The resulting model outperformed established open source models across a range of benchmarks, while surpassing GPT-3.5 and being competitive with Gemini 1.0 Pro.

The work took the team approximately 3 months, a relatively lean $10M, and required 3,072 NVIDIA H100s. However, it’s always worth taking the cost figures from tech companies with a pinch of salt, as they don’t include investments carried over from previous models or projects. 

After Elon Musk launched his legal action against OpenAI for its lack of openness, a number of AI commentators on X questioned why Grok was closed. In response, xAI released the base model weights and network architecture of Grok-1. Openness is welcome but, given the size of the model, most people would struggle to run it locally without access to a GPU server. In a busy few weeks for the company, xAI also announced Grok-1.5. As well as a new 128k context length, xAI recorded significant performance gains in coding and math-related tasks, with a particularly strong performance on HumanEval, a code generation and problem-solving benchmark. The model is competitive with Mistral Large, Gemini Pro, and the March 2023 release of GPT-4.

After impressing observers with the new Claude 3 family, Anthropic received $2.75B from Amazon as part of its $4B commitment to the company. As part of the arrangement, Amazon will be the company’s primary (although not exclusive) provider of cloud services. Anthropic is still conducting a separate fundraising process, expected to total at least $750M. One early Anthropic investor we don’t hear much from these days is FTX. The majority of the fallen crypto exchange’s 8% stake in the company was sold this month, with the largest buyer being an affiliate of Emirati sovereign wealth fund Mubadala. A bid from Saudi Arabia was turned down on national security grounds.

OpenAI has revealed that it has been building Voice Engine, a text-to-speech and voice cloning model. The company first developed it in 2022 and used it to power some of the text-to-speech functionalities bundled with ChatGPT. The company has now released snippets of audio in multiple different languages, but has opted not to make the model accessible, citing safety concerns. OpenAI warns that we urgently need to improve public awareness of the potential of deceptive content, phase out voice-based authentication as a security method, and build better provenance tools. While some immediately accused OpenAI of using safety fears as a marketing tactic, considering the number of major elections looming this year, it’s understandable that the company may have decided that this isn’t a regulatory storm worth sailing into just yet.

🔬Research

A generalist AI agent for 3D environmentsGoogle DeepMind.

Presents SIMA, a generalist agent that can follow natural language instructions to navigate and interact within a wide range of 3D virtual environments, including research platforms and video games, marking a significant advance on systems trained for specific environments. 

The core of SIMA’s architecture is an image-language model, combined with a video prediction model that anticipates how the environment will change over time. The DeepMind team partnered with 8 game studios to expose SIMA to 9 different video games, ranging from open-world exploration tophysics-based sandboxes. They also used 4 custom research environments, including a Unity-based “Construction Lab” where agents have to build sculptures from building blocks. This diversity of 3D environments was crucial to imbuing SIMA with broad, generalizable capabilities. The researchers further trained SIMA on a large dataset of human-generated language instructions paired with the corresponding game actions, recorded from gameplay sessions where one player provided instructions to another.

The multimodal approach allowed SIMA to interpret instructions and execute actions in unfamiliar settings, demonstrating robust zero-shot learning abilities. Based on an evaluation of 1,500 unique in-game tasks, the researchers found that in each game, SIMA outperformed all the specialized agents.

Long-form Factuality in Large Language ModelsGoogle DeepMind.

Introduces a new framework, consisting of a dataset, evaluation tool, and metric, for assessing the factuality of LLMs in producing long-form content.
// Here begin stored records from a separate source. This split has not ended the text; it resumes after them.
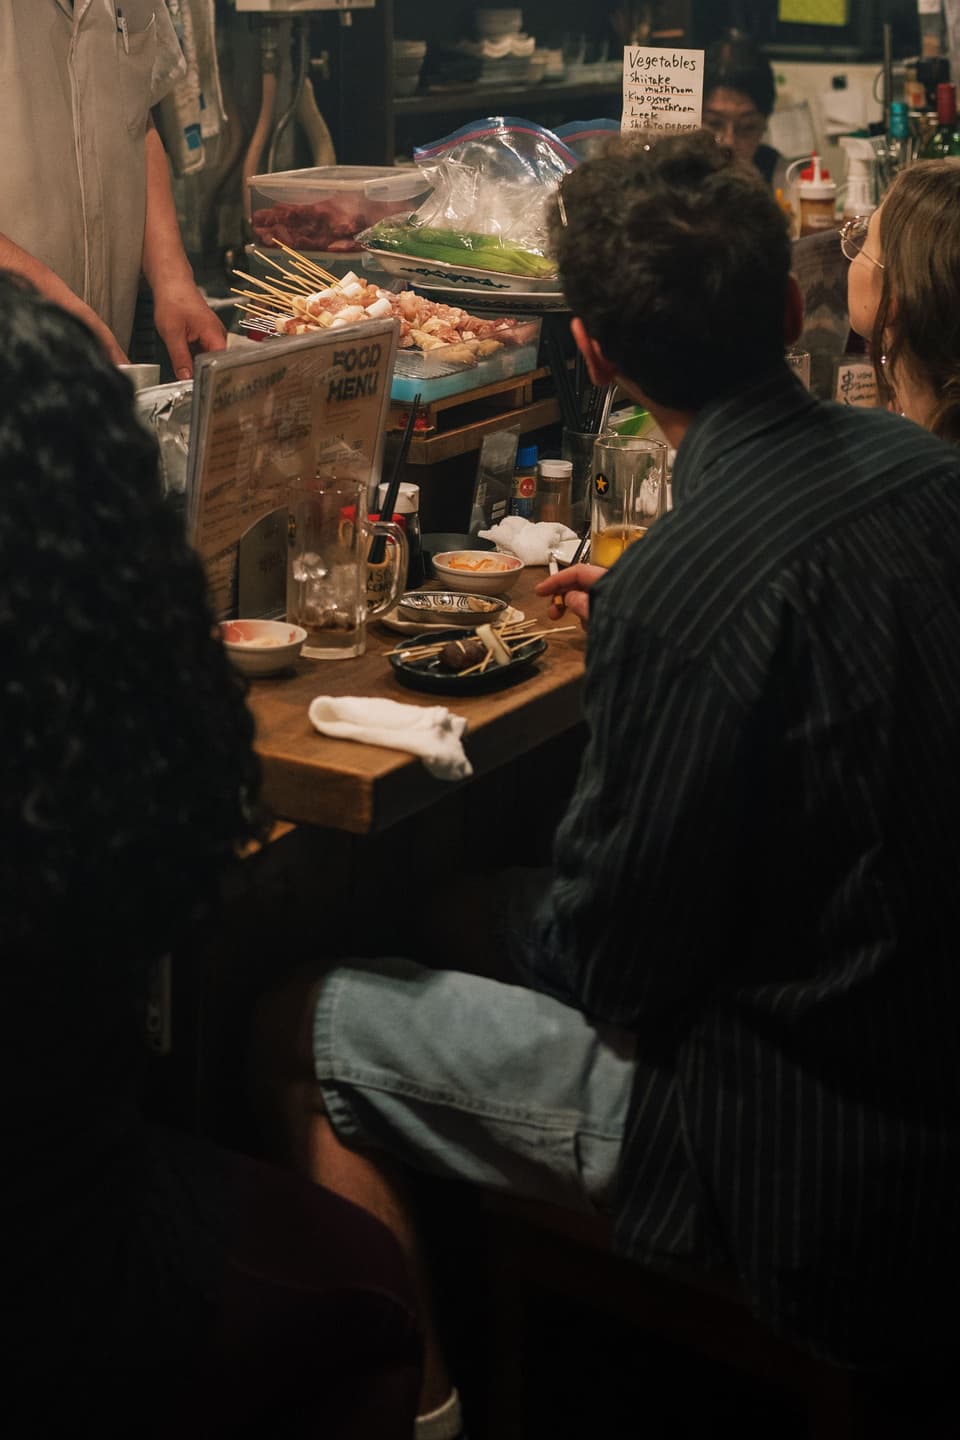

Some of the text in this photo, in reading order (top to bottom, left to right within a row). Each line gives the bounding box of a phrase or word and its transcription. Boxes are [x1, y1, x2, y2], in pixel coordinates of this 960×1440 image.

[629, 49, 697, 71] Vegetables
[630, 70, 671, 86] Shiitake
[628, 90, 645, 105] King
[645, 85, 694, 94] mushroom
[630, 106, 658, 119] Leek
[332, 343, 382, 372] FOOD
[326, 372, 380, 404] MENU
LongFact is a dataset consisting of 2,280 fact-seeking prompts (generated by GPT-4) across 38 topics, designed to assess the ability of LLMs to generate accurate long-form responses. SAFE, the evaluation tool, automates the process of dissecting a model’s response into individual facts and assessing their accuracy using Google Search in a multi-step reasoning process. This approach is demonstrated to be more reliable and over 20 times cheaper than human annotators.
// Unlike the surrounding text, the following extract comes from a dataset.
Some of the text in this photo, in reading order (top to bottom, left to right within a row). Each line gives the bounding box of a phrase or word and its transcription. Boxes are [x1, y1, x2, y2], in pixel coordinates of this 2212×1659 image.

The evaluation metric, F1@K, is an adaptation of the F1 score that balances the precision and recall of a response, taking into account the number of supported facts relative to a hyperparameter representing a user’s preferred response length (K).

The results from benchmarking thirteen models from across four families (Gemini, GPT, Claude, and PaLM-2) found that larger models within these families performed better in terms of long-form factuality. Between families, GPT-4 Turbo was the strongest performer, followed by Gemini-Ultra, and Claude-3 Opus.

MM1: Methods, Analysis & Insights from Multimodal LLM Pre-trainingApple.

Provides a glimpse into Apple’s approach into developing high-performing large multimodal models. The authors lay out their findings on optimal design, finding that using a mix of image-caption, interleaved image-text, and text-only data is important, in contrast to other published pre-training approaches. Additionally, the image encoder, image resolution, and image token count have substantial impact, while the vision-language connector design is less critical.

Based on these insights, the authors constructed the MM1 family of multimodal models of up to 30 billion parameters. This includes both dense models and mixture-of-experts variants. After supervised fine-tuning, the MM1 models demonstrate competitive performance on established multimodal benchmarks. The authors also note that the large-scale pre-training endows the MM1 models with enhanced in-context learning and multi-image reasoning capabilities.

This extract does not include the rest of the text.